I'd like the records transcribed exactly, leaving the images out.

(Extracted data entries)
>>>>
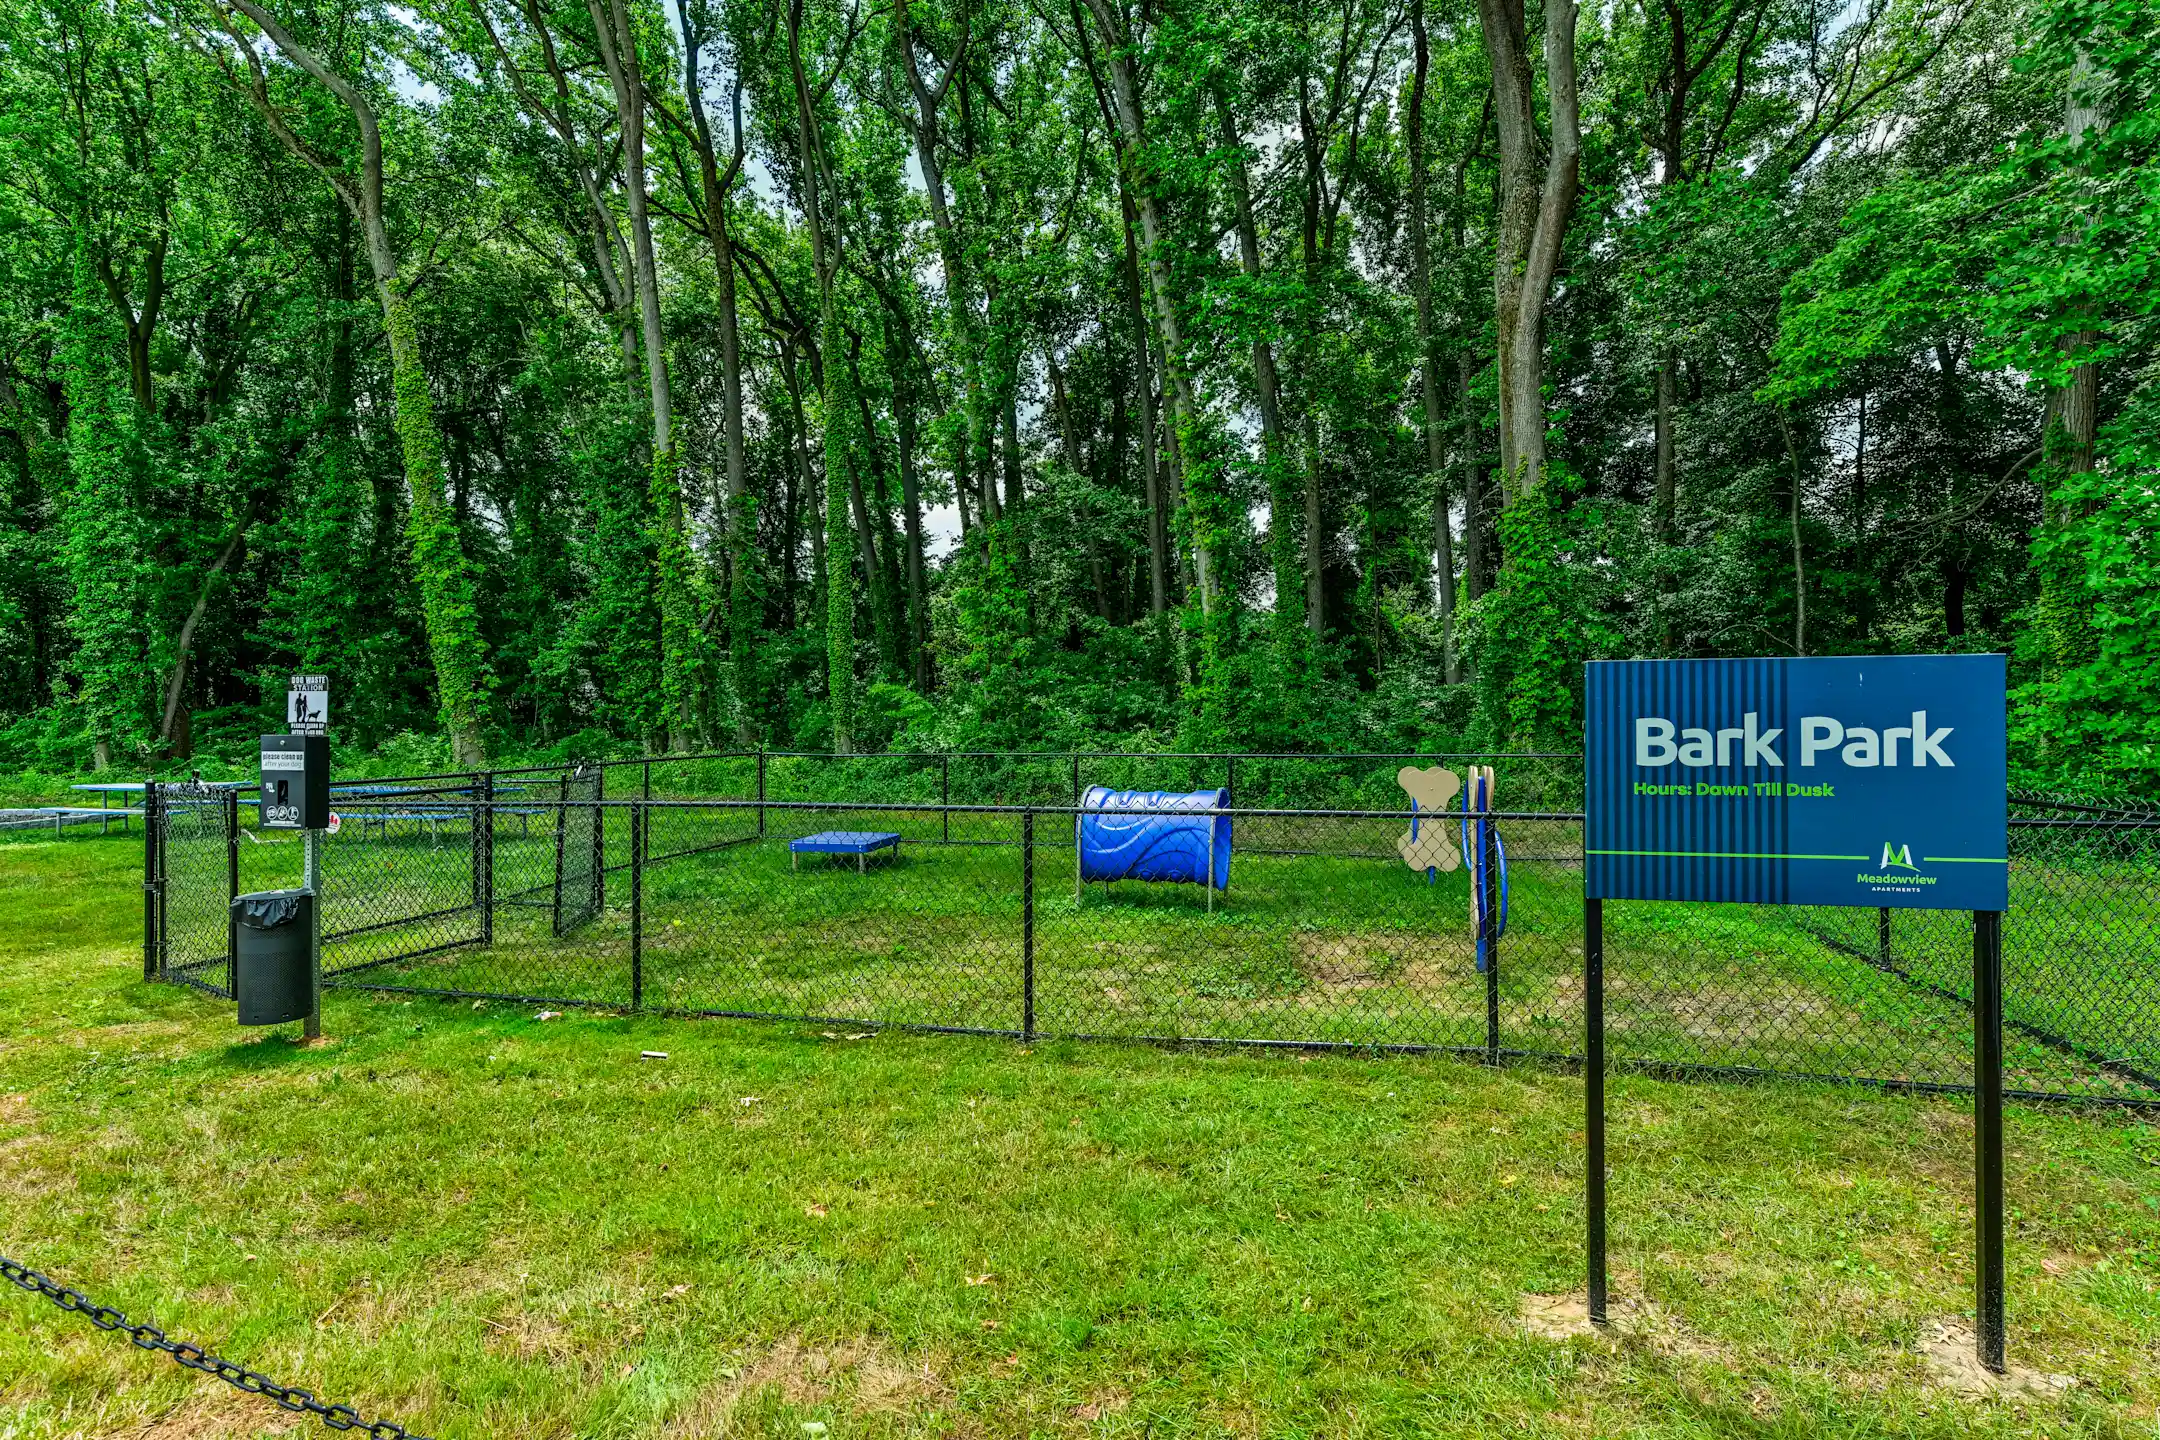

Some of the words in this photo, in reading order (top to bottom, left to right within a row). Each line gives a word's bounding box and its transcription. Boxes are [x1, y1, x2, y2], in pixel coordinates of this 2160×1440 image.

[1635, 711, 1784, 767] Bark
[1800, 710, 1956, 767] Park
[291, 760, 302, 768] dog
[1633, 781, 1692, 796] Hours:
[1696, 782, 1749, 796] Dawn
[1753, 781, 1782, 797] Till
[1786, 782, 1835, 797] Dusk
[1856, 873, 1937, 885] Meadowview
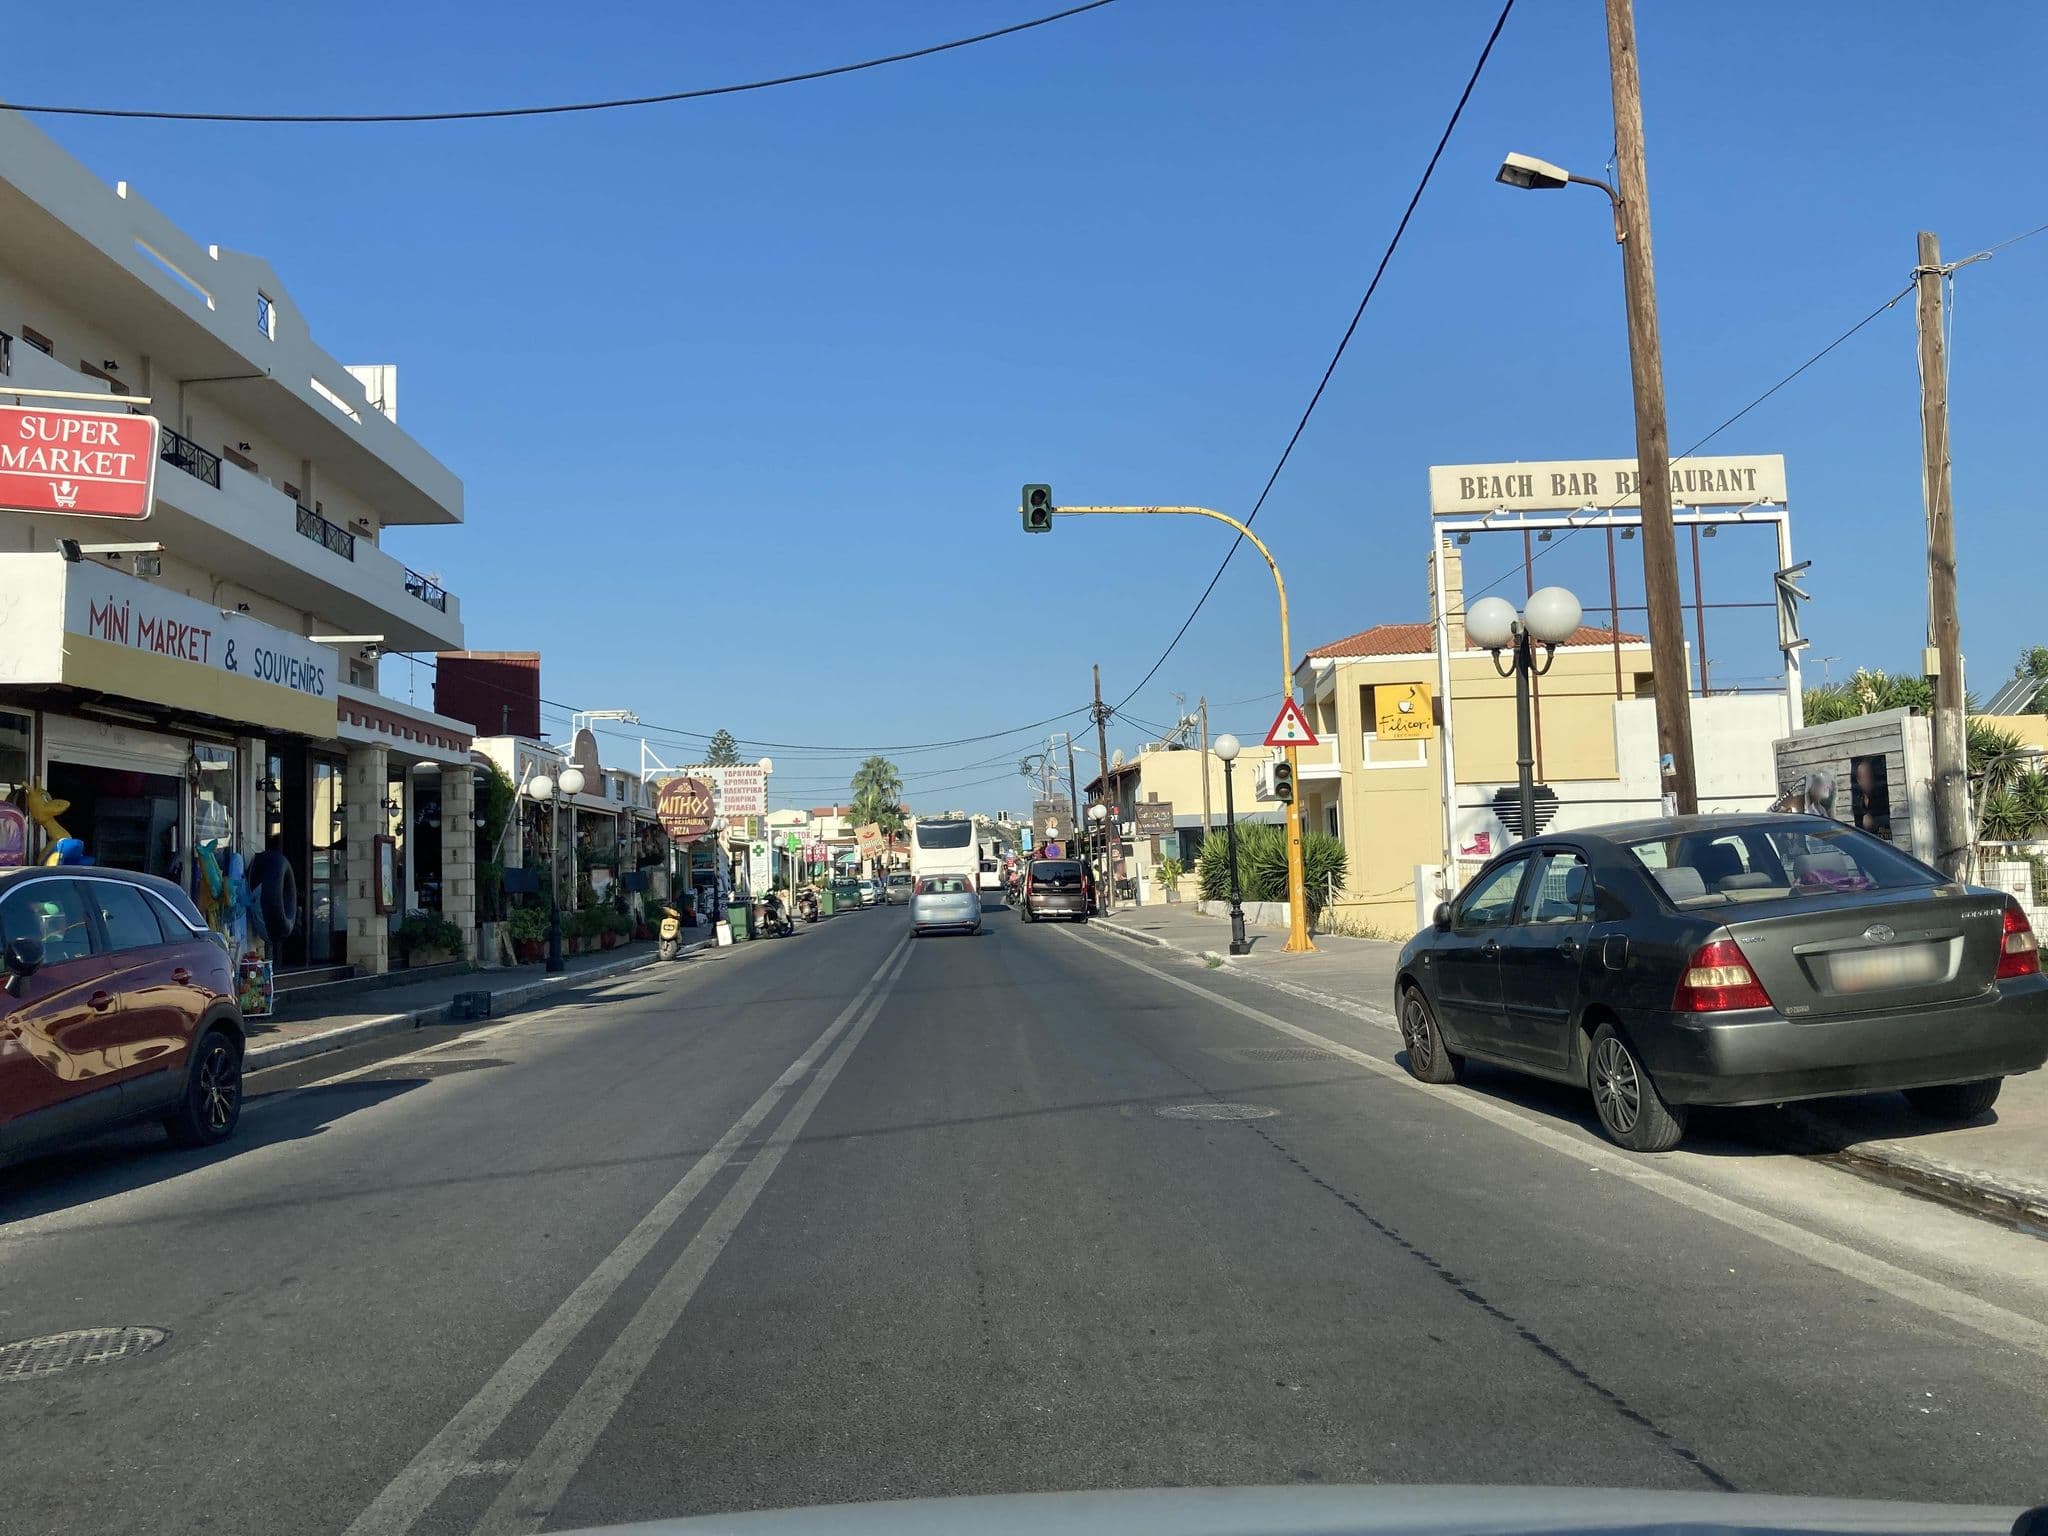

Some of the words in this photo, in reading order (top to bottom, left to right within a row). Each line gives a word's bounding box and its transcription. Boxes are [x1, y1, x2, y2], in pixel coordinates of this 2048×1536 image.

[19, 416, 120, 446] SUPER
[0, 444, 136, 477] MARKET
[1460, 475, 1534, 500] BEACH
[1551, 472, 1598, 497] BAR
[1615, 467, 1757, 495] REAURANT
[138, 612, 212, 664] MARKET
[225, 639, 238, 671] &
[1379, 714, 1431, 734] Filicori
[657, 796, 709, 815] MITHOS
<<<<
| RESULT BELOW |
Some of the words in this photo, in reading order (top to bottom, left to right within a row). Each line gives a word's bounding box and its transcription. Boxes are [x1, y1, x2, y2], in pixel coordinates of this 2160×1440 image.

[1635, 711, 1784, 767] Bark
[1800, 710, 1956, 767] Park
[291, 760, 302, 768] dog
[1633, 781, 1692, 796] Hours:
[1696, 782, 1749, 796] Dawn
[1753, 781, 1782, 797] Till
[1786, 782, 1835, 797] Dusk
[1856, 873, 1937, 885] Meadowview

Some of the words in this photo, in reading order (top to bottom, left to right within a row). Each line gives a word's bounding box and its transcription. Boxes are [x1, y1, x2, y2], in pixel coordinates of this 2048×1536 image.

[19, 416, 120, 446] SUPER
[0, 444, 136, 477] MARKET
[1460, 475, 1534, 500] BEACH
[1551, 472, 1598, 497] BAR
[1615, 467, 1757, 495] REAURANT
[138, 612, 212, 664] MARKET
[225, 639, 238, 671] &
[1379, 714, 1431, 734] Filicori
[657, 796, 709, 815] MITHOS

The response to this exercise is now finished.